Of the lines in the material below, print only those from the one containing "Some of the words" to the one containing "this 1362×1533 image.", ends included, exactly as written and without pictures.

* Data records:
[Start of section]
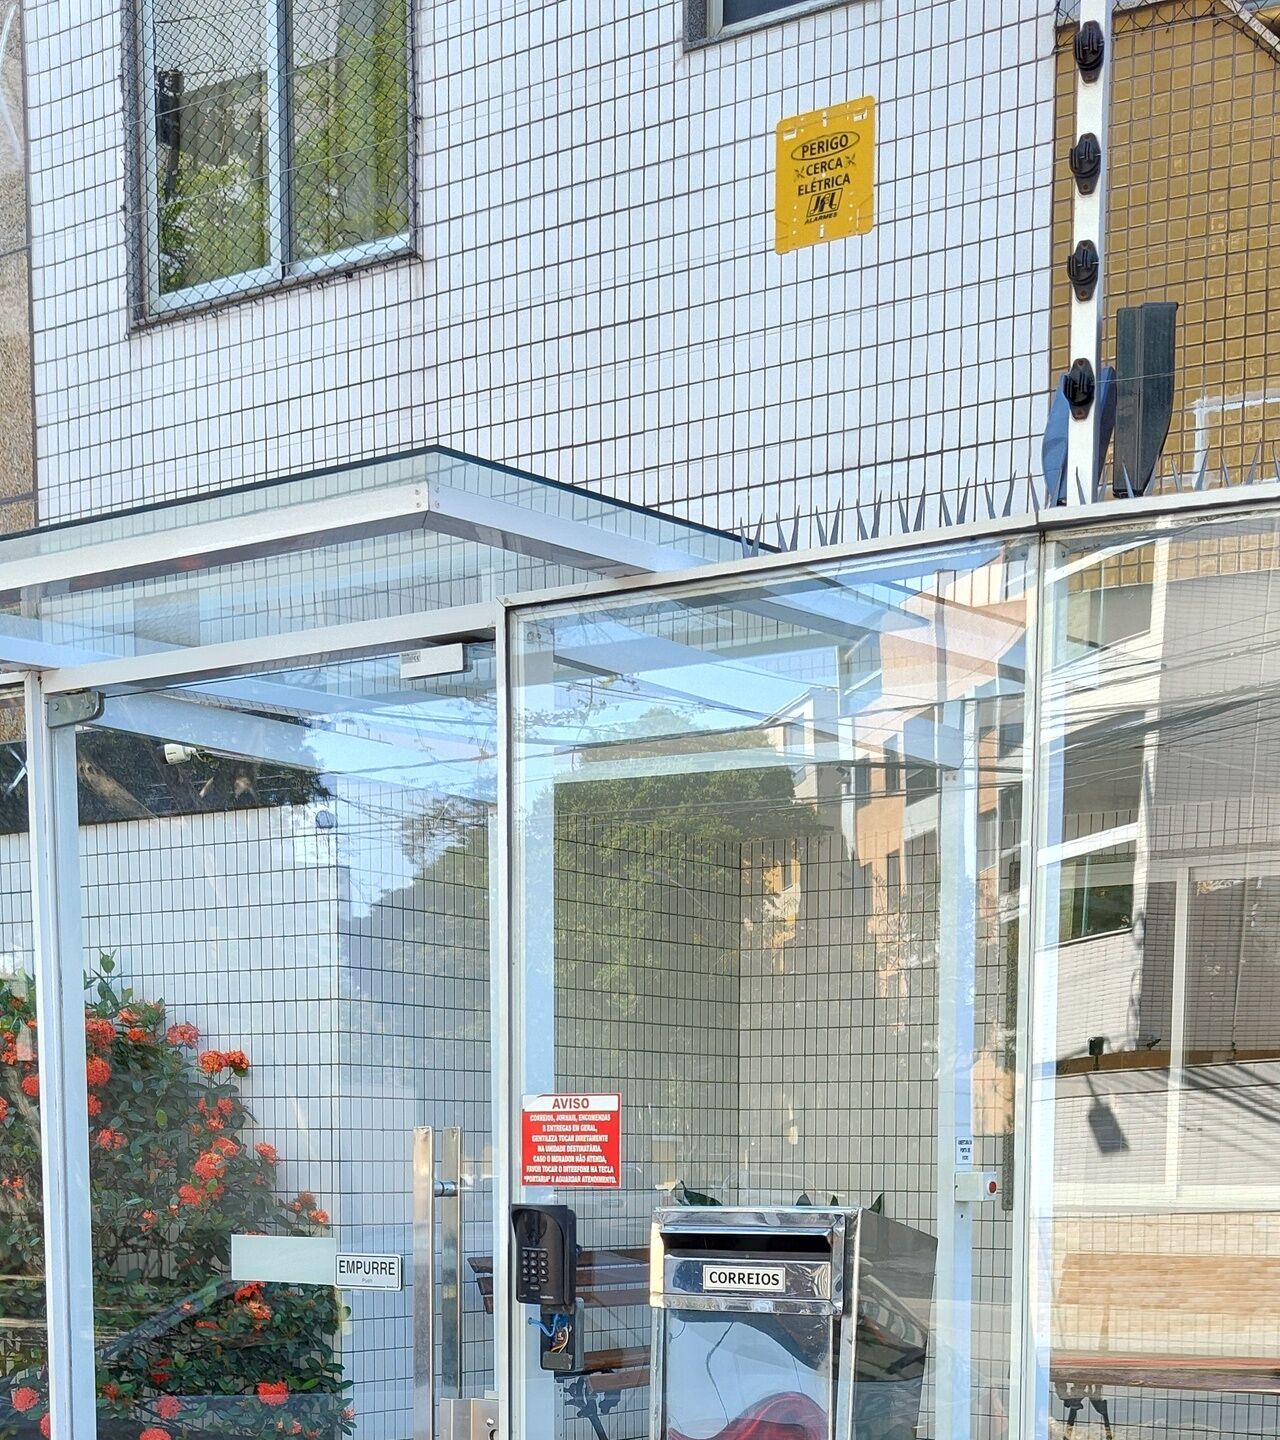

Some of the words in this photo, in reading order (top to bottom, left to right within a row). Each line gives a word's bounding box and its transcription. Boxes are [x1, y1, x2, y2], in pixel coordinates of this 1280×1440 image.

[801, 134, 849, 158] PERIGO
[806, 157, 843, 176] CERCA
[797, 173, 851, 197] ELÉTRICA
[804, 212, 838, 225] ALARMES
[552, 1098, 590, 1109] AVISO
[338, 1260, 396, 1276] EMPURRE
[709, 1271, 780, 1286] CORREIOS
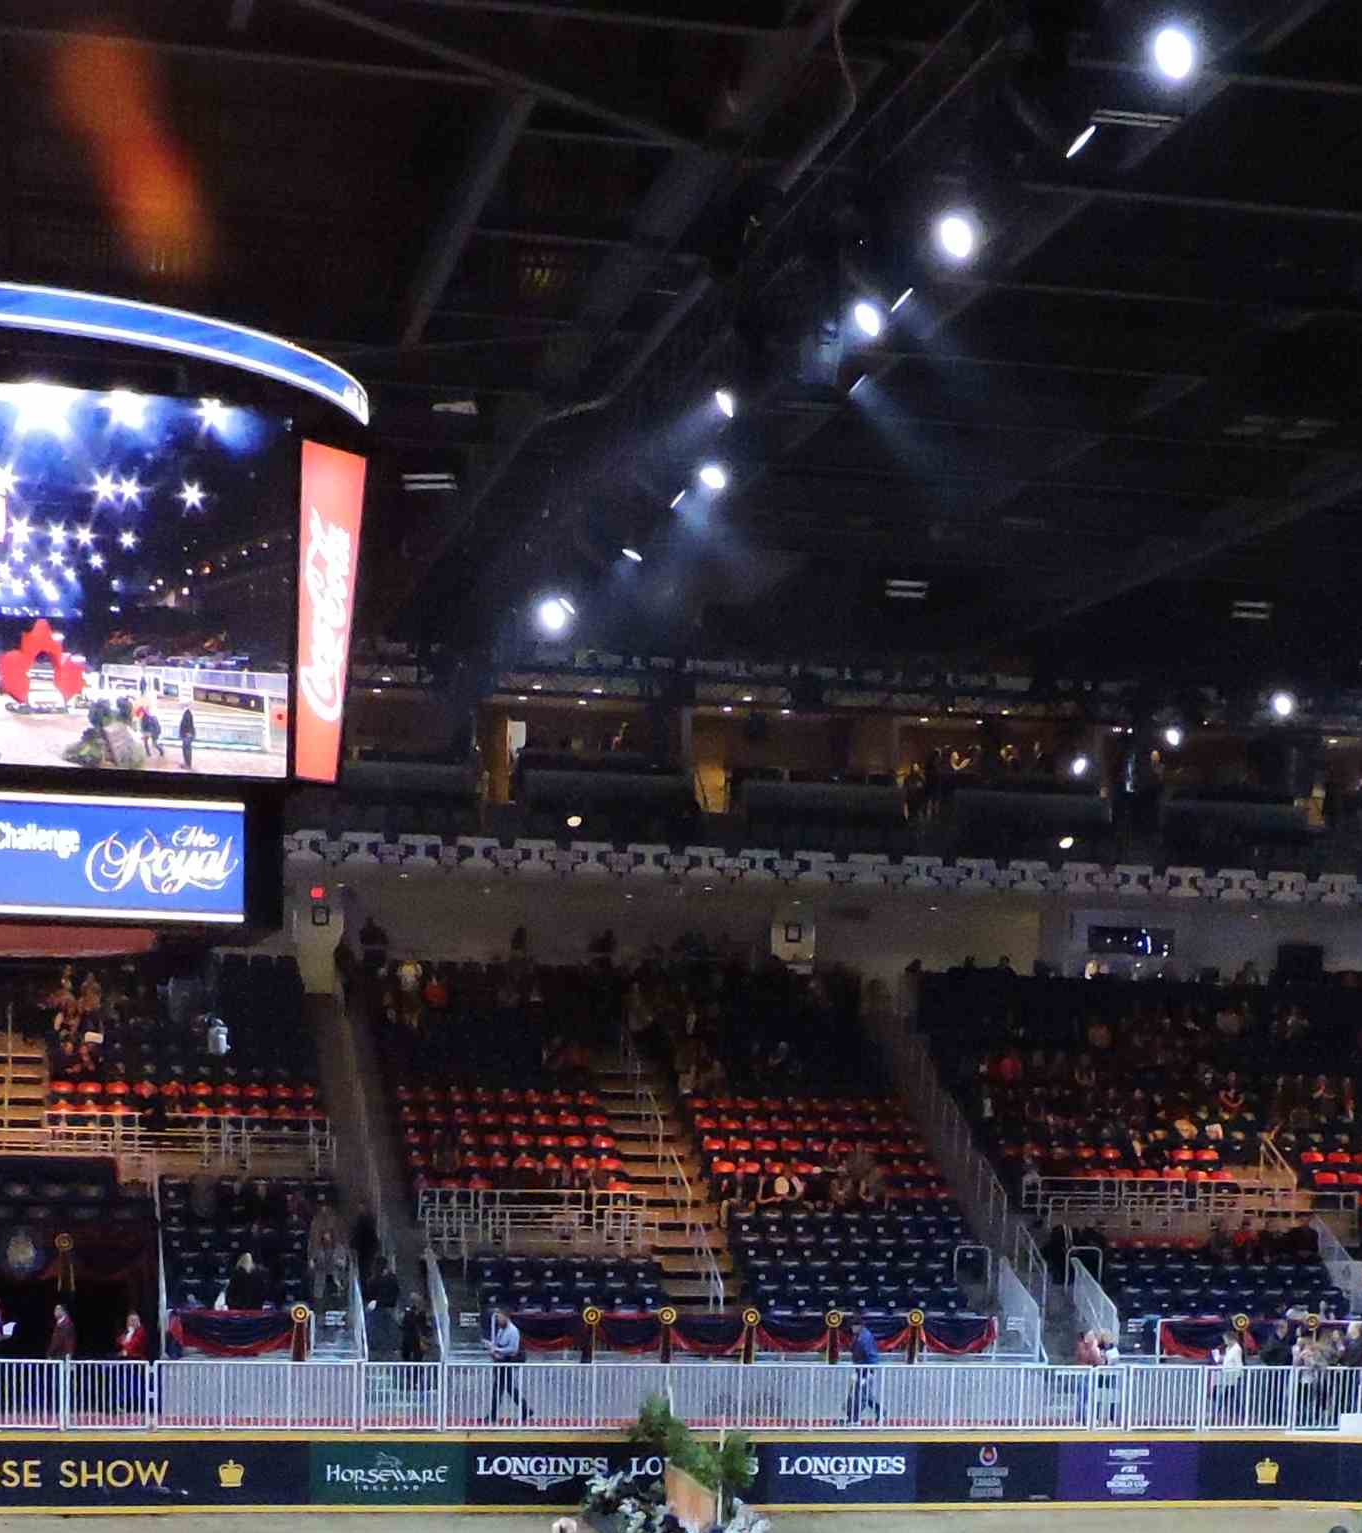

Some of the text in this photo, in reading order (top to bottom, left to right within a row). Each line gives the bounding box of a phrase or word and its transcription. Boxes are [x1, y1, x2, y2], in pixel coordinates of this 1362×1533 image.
[End of section]
[Start of section]
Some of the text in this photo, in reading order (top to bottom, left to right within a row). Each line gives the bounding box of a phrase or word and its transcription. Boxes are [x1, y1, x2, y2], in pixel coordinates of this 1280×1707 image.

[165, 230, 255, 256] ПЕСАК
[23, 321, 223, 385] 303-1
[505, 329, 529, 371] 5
[End of section]
* Solution below:
Some of the words in this photo, in reading order (top to bottom, left to right within a row). Each line gives a word's bounding box and its transcription. Boxes are [x1, y1, x2, y2], in pixel coordinates of this 1280×1440 image.

[801, 134, 849, 158] PERIGO
[806, 157, 843, 176] CERCA
[797, 173, 851, 197] ELÉTRICA
[804, 212, 838, 225] ALARMES
[552, 1098, 590, 1109] AVISO
[338, 1260, 396, 1276] EMPURRE
[709, 1271, 780, 1286] CORREIOS

Some of the text in this photo, in reading order (top to bottom, left to right within a row). Each line gives the bounding box of a phrase or word and its transcription. Boxes are [x1, y1, x2, y2], in pixel coordinates of this 1362×1533 image.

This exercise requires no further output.